There is no archive today where followers can get the latest marching orders. We have to assume that QAnon has grown beyond its original intent into something even bigger, which benefits the press enormously; since there is no longer a center of operations, everything is attributed to QAnon, and as a resultone can be labelled a follower. Since this label carries with it a built-in demonisation, politicians or anyone else can be despised.
But what about its origins – who is/was “Q”? The press must avoid that too. Over the years, two names have been mentioned as the name of the letter of the same name, and neither of them is an critical figure. HBO documentary “Q: Into The Storm,” They explored aspects of the “movement” and ended up with a revealing scene where the production team spoke to a prominent participant, Ron Watkins, and he accidentally slipped up when he seemed to reveal that he was the driving force behind “Q” at the time.

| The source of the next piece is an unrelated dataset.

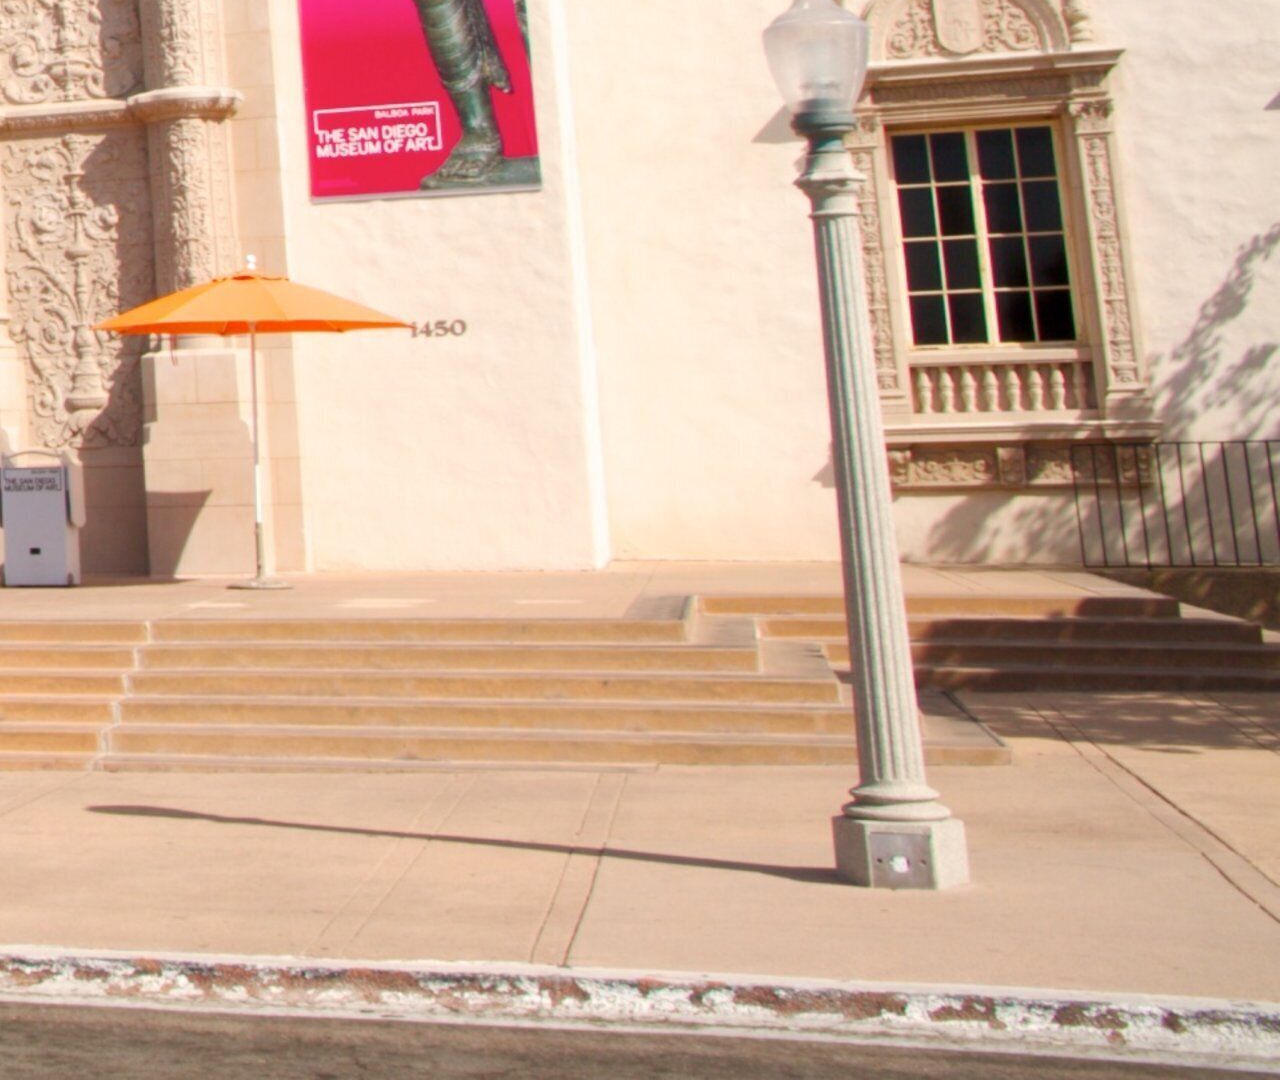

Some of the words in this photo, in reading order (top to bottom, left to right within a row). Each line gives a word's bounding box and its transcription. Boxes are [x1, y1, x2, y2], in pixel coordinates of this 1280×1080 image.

The The New York Times also conducted a searchby using language forensics. With the support of two independent labs that analyzed word styles and other language markers, they tracked down Paul Furber. He was one of the original followers of the QAnon forums and actually seems to have been its creator, who was eventually overtaken by Watkins. So who are these guys? They are not Washington players, nor are they military power brokers. Furber was a sort of conspiracy investigator in South Africa, and the website operator Watkins joined months after QAnon became known.
Neither man is a political insider with influence or real insider contacts. But that hasn’t stopped the media from spreading the QAnon myth. Today, it’s used in a similar way to the story of Keyser Söze in the movie The Usual Suspects – a grim fairy tale that was once used to scare children and get them to behave, but has turned into a convenient cipher that can be used to spin any story you want for convenience.
This is what our media complicated has been reduced to: presenting fables as facts, bringing narratives up to their accepted level. Note that QAnon is supposedly a conspiracy disease that infects all of conservatism. To learn something fresh, we don’t hear from conservatives, but from the real passionate followers – the press.